═══ Data

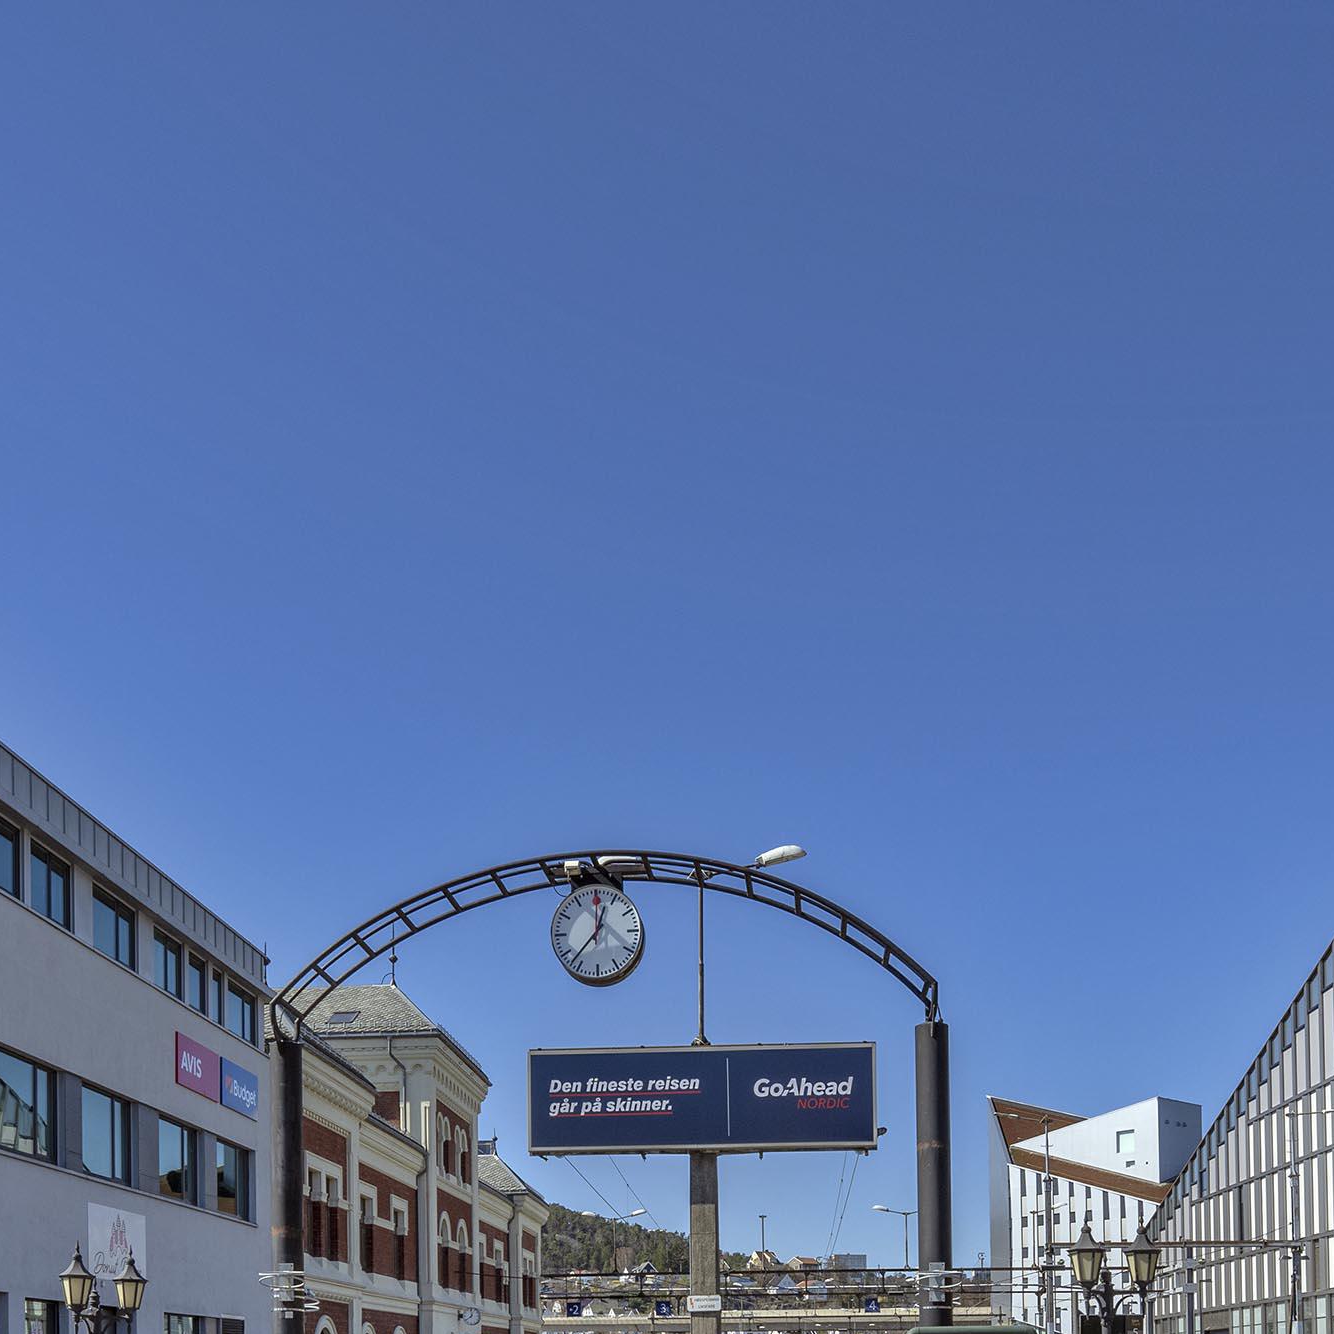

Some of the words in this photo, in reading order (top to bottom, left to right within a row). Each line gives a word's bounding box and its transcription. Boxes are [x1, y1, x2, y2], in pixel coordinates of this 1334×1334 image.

[180, 1050, 202, 1079] AVIS
[233, 1079, 257, 1108] Budget
[549, 1079, 582, 1094] Den
[586, 1077, 643, 1093] fineste
[647, 1076, 700, 1091] reisen
[753, 1076, 854, 1098] GoAhead
[549, 1098, 578, 1117] går
[580, 1097, 603, 1116] på
[605, 1096, 673, 1113] skinner.
[797, 1098, 850, 1110] NORDIC
[573, 1306, 579, 1315] 2
[660, 1303, 667, 1314] 3
[869, 1300, 877, 1310] 4
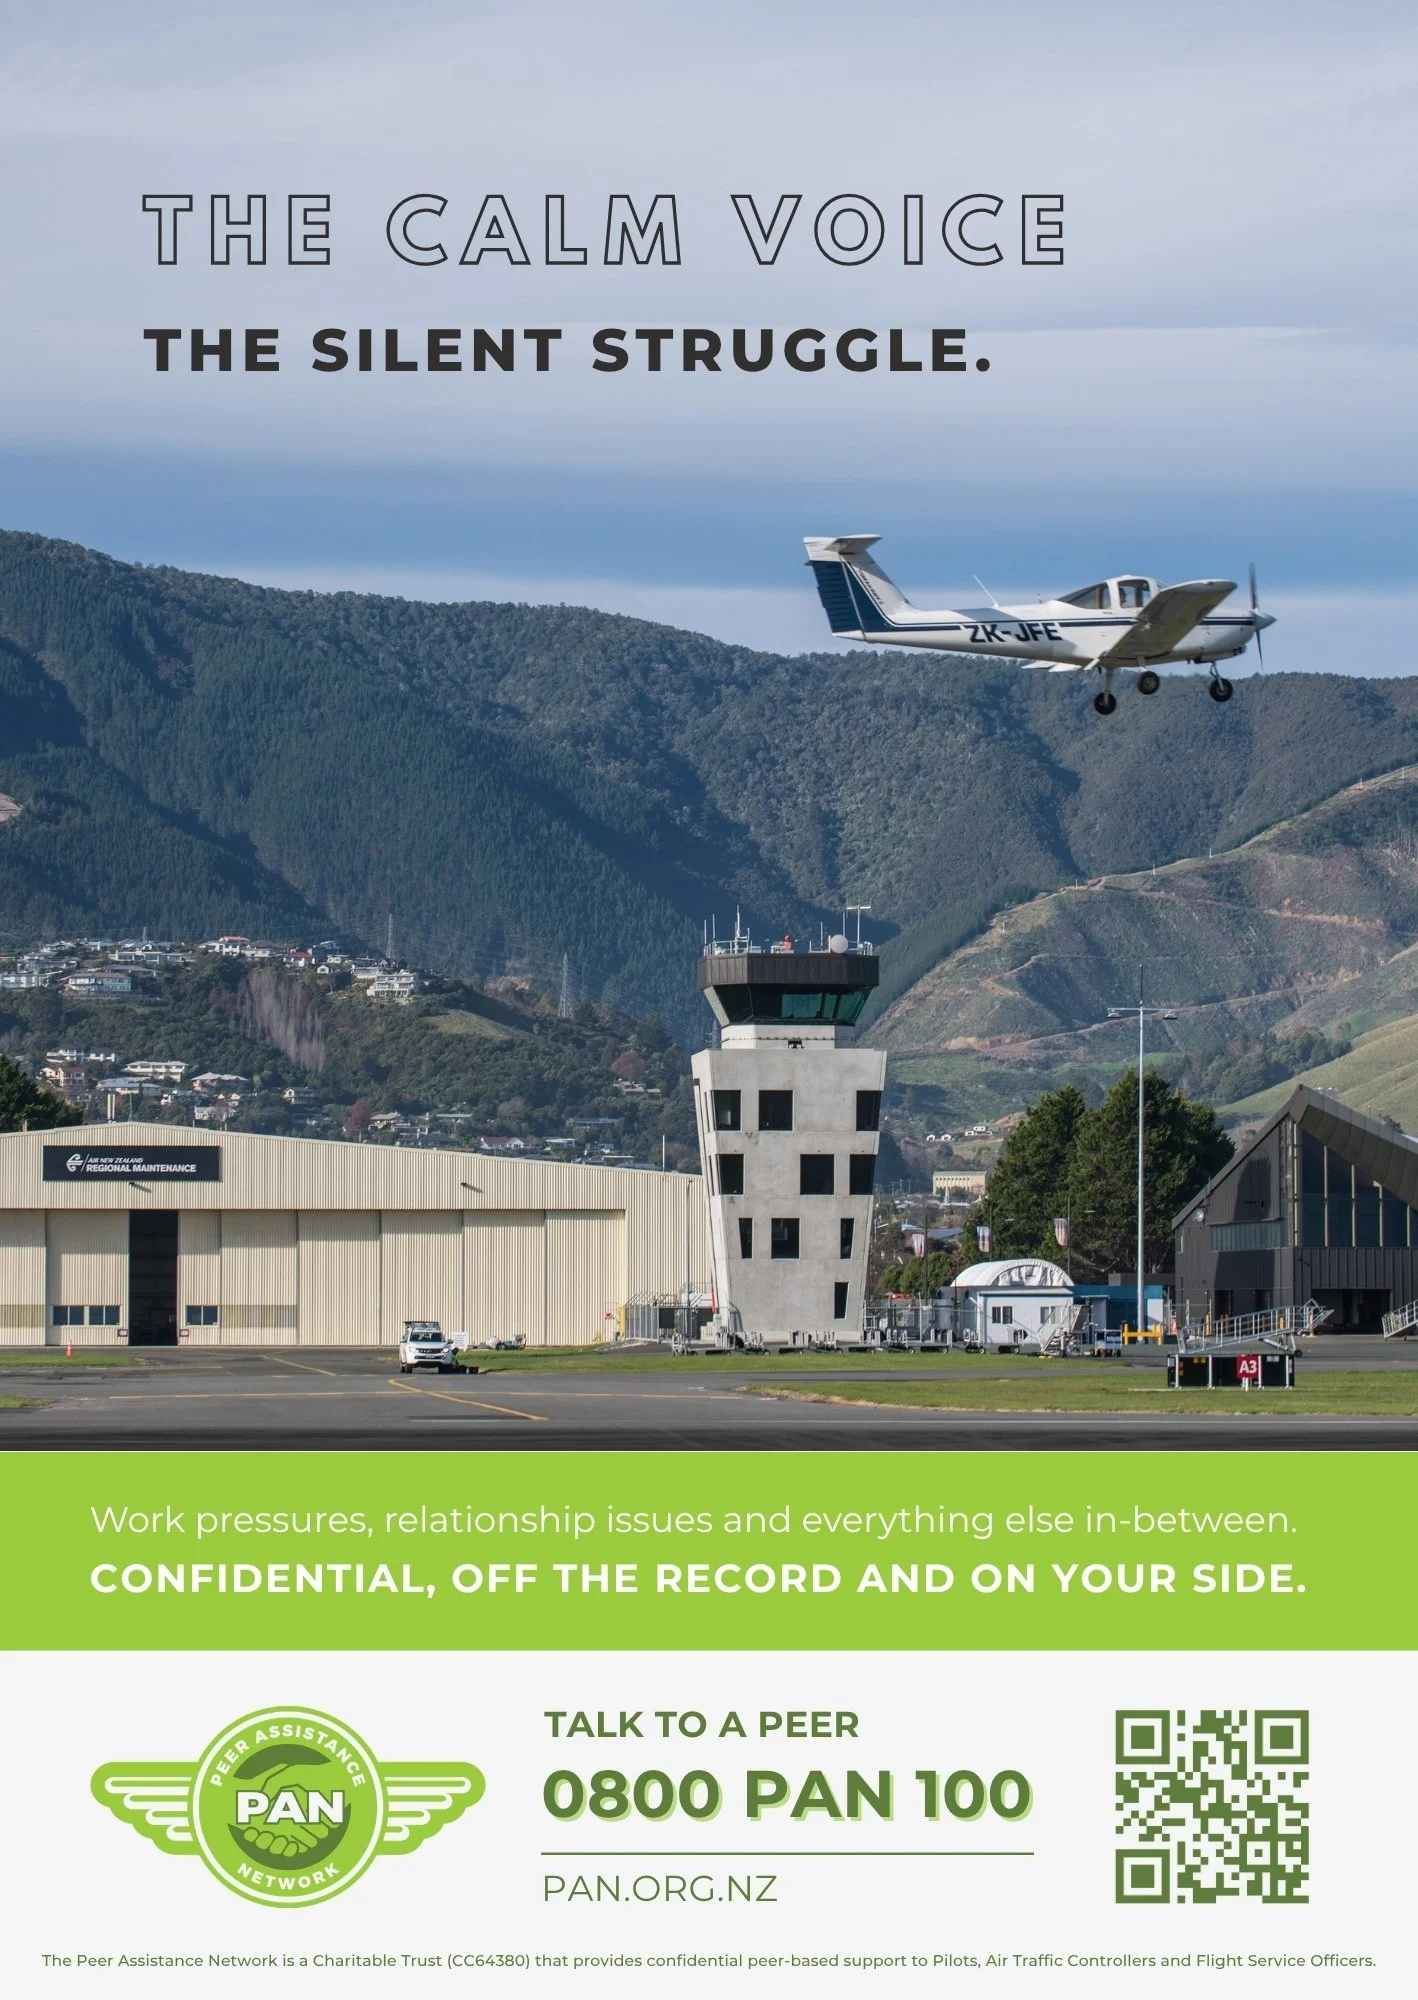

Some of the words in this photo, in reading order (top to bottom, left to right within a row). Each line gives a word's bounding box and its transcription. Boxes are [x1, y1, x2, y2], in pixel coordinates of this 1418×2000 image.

[969, 622, 1063, 643] ZK-JFE
[86, 1164, 131, 1172] REGIONAL
[132, 1164, 196, 1172] MAINTENANCE
[1239, 1360, 1257, 1374] A3
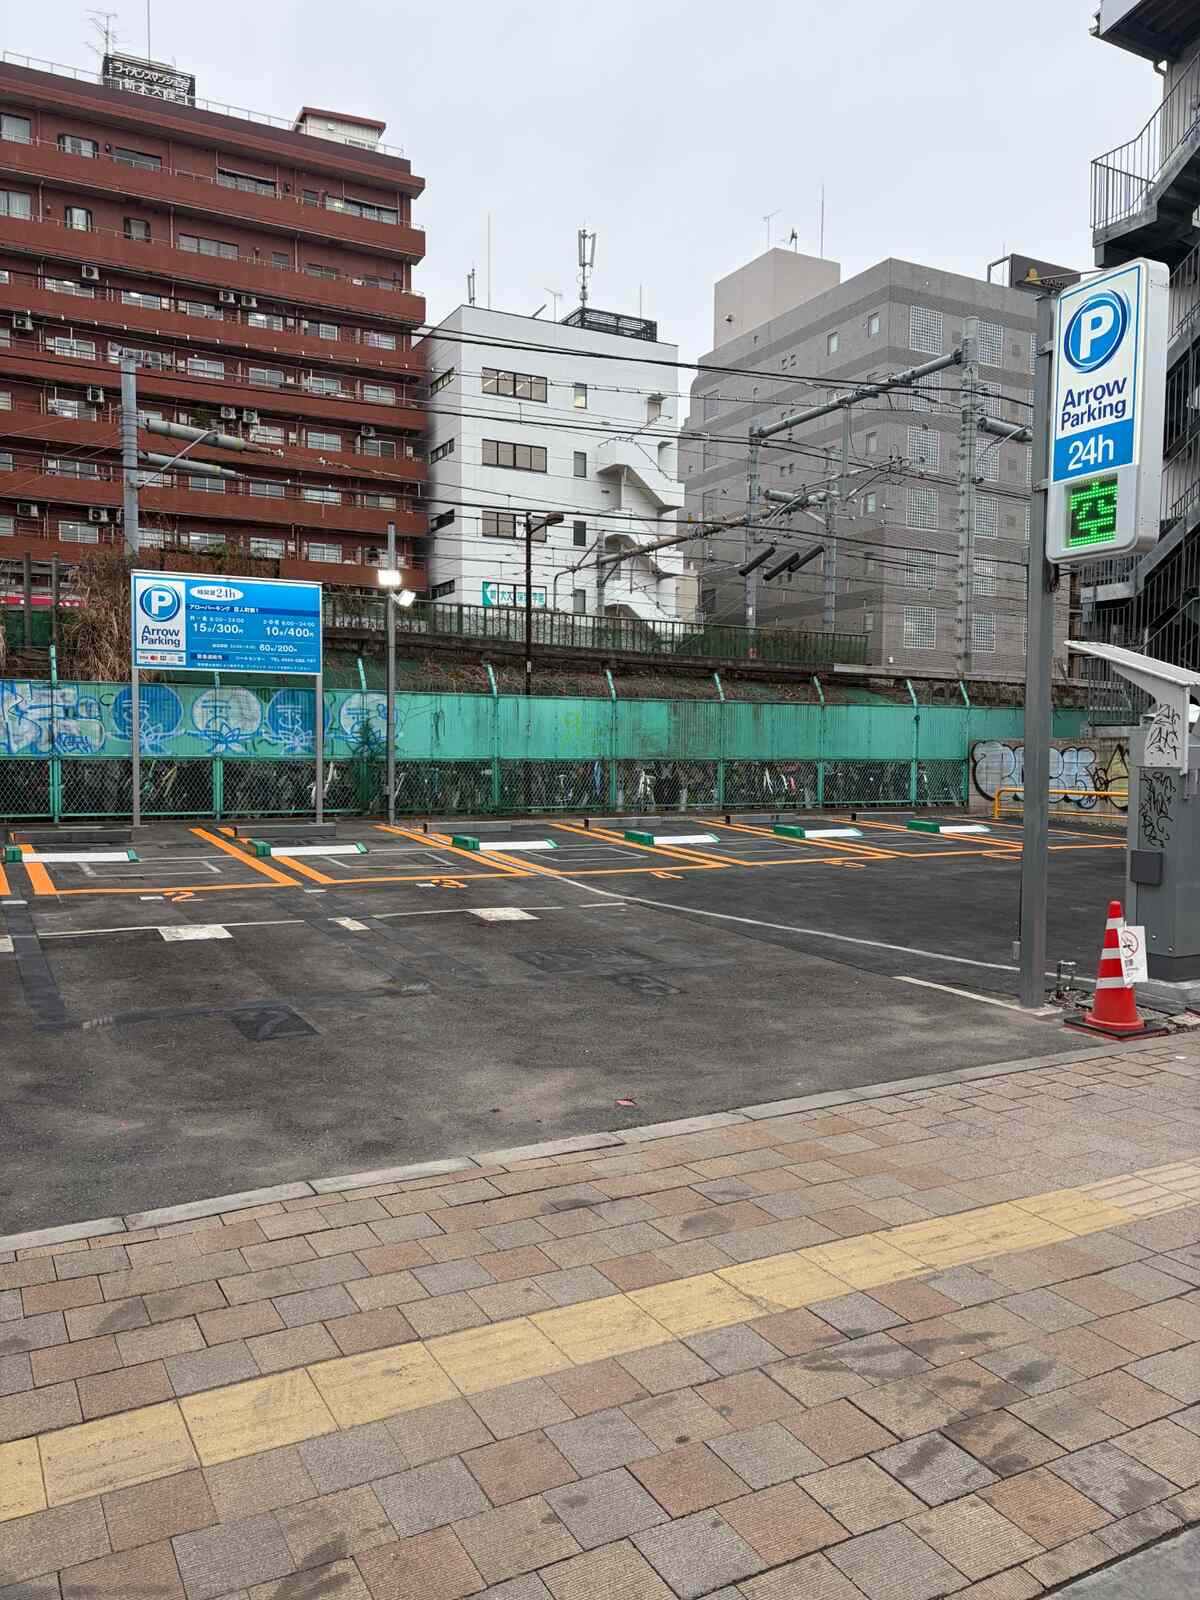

══════

What is needed is an exact transcription of the lines from the one containing "this 1418×2000 image." through the last line of the records above, both included, with no pictures.

**Task answer:**
Some of the words in this photo, in reading order (top to bottom, left to right within a row). Each line gives a word's bounding box and its transcription. Boxes are [x1, y1, x2, y2], in pixel coordinates of this 1418×2000 image.

[969, 622, 1063, 643] ZK-JFE
[86, 1164, 131, 1172] REGIONAL
[132, 1164, 196, 1172] MAINTENANCE
[1239, 1360, 1257, 1374] A3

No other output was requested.